It’s been a long week here in LA at our SE Insight conference, but a good one. Old friends, new contacts. As was the case last year, we had a large contingent of partners, and the second conference in Prague will have even more in attendance than here if I’ve read the numbers correctly.
Plus some really great sessions with plenty of information. Of note was this year’s keynote, which featured the two Toms. Tom Georgens, our President and COO, and Vice Chairman Tom Mendoza (who was, as usual, outrageously funny while making a serious point).
What was most interesting to me though was Tom Georgen’s talk, and its focus.
Tom mentioned the arguments that had erupted around the issue of various storage system capacity “overheads”, imagined or otherwise, in the blogosphere.

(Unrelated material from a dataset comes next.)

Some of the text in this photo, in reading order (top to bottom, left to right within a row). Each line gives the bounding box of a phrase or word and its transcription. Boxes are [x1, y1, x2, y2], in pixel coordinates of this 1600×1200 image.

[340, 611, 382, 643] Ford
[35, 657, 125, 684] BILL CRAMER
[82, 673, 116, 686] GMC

Chuck Hollis of EMC fired the first salvo with some distinctly dodgy research, lots of people including me got stuck right in and pointed out where EMC’s calculations were flawed and based on outdated information, heat and light were generated in varying proportions and eventually a truce was declared. Of sorts.

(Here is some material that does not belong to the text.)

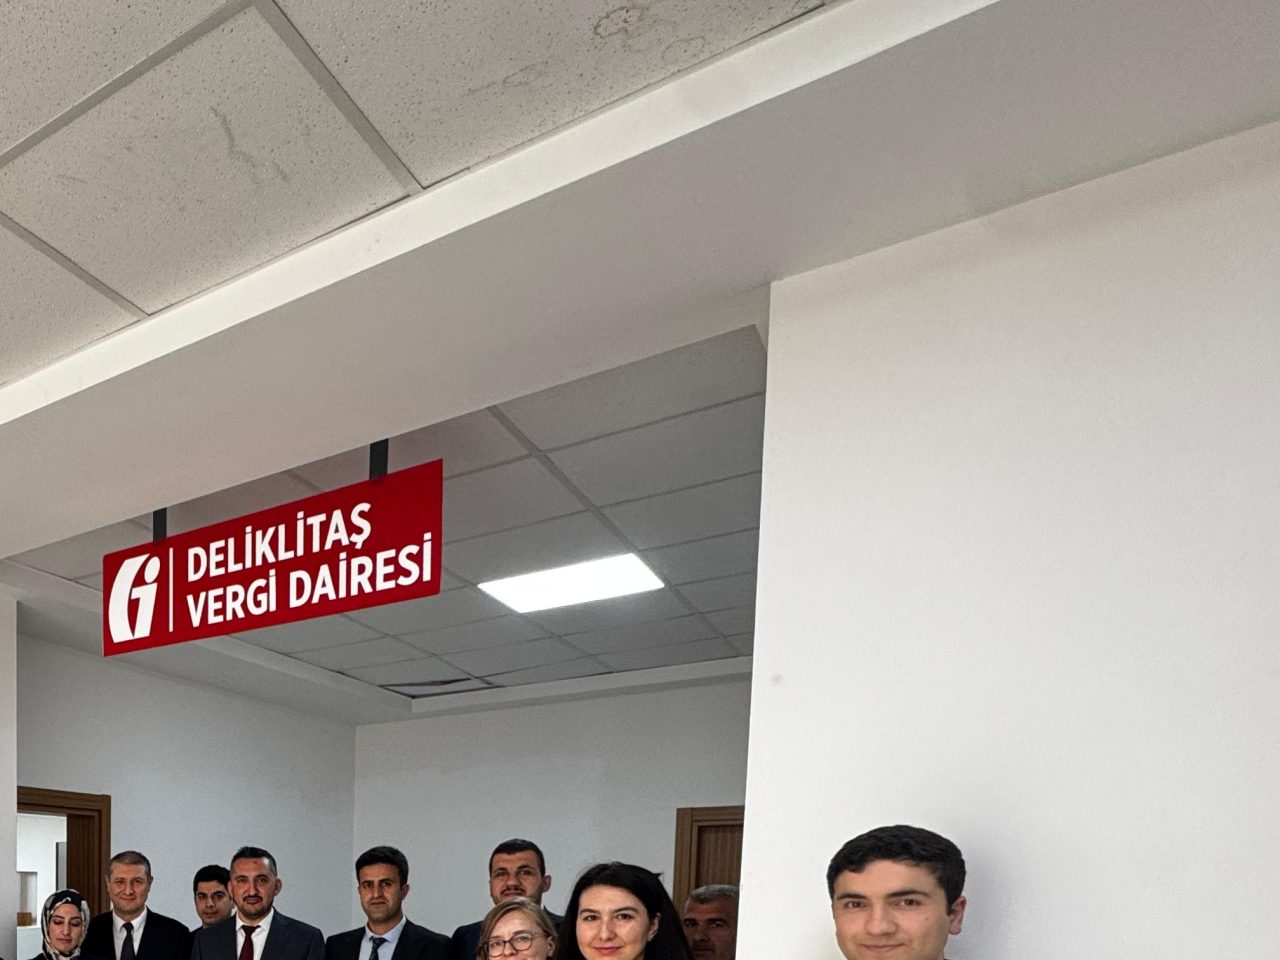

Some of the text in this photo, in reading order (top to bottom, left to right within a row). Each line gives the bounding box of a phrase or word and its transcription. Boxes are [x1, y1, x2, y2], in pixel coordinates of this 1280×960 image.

[186, 532, 433, 628] VERGİ DAİRESİ
[187, 502, 372, 583] DELİKLİTAŞ

But why would the COO of NetApp even see this blog spat as important, far less mention it?
Tom was making the point that in an economic downturn, everyone -- but everyone -- wants to minimize spend and maximize efficiency. It’s all about storage efficiency. Unless you’ve been living in a cave for the last six months, the reason it’s the right message at the right time should be self evident.
It’s not the first time he’s spoken about this. At this year’s Oracle World keynote in September his speech was Do More, Store Less: Efficiency Gains and Breakthroughs for Your Business, and on our latest earnings call it got several mentions.
Deduplication for primary storage (and VTL), thin provisioning with FlexClones, RAID-DP and more that allow us to make a 50% space saving guarantee with VMware. We can do that because cool NetApp technologies address the hot topics that customers care about. And this one, as Tom pointed out, is red hot.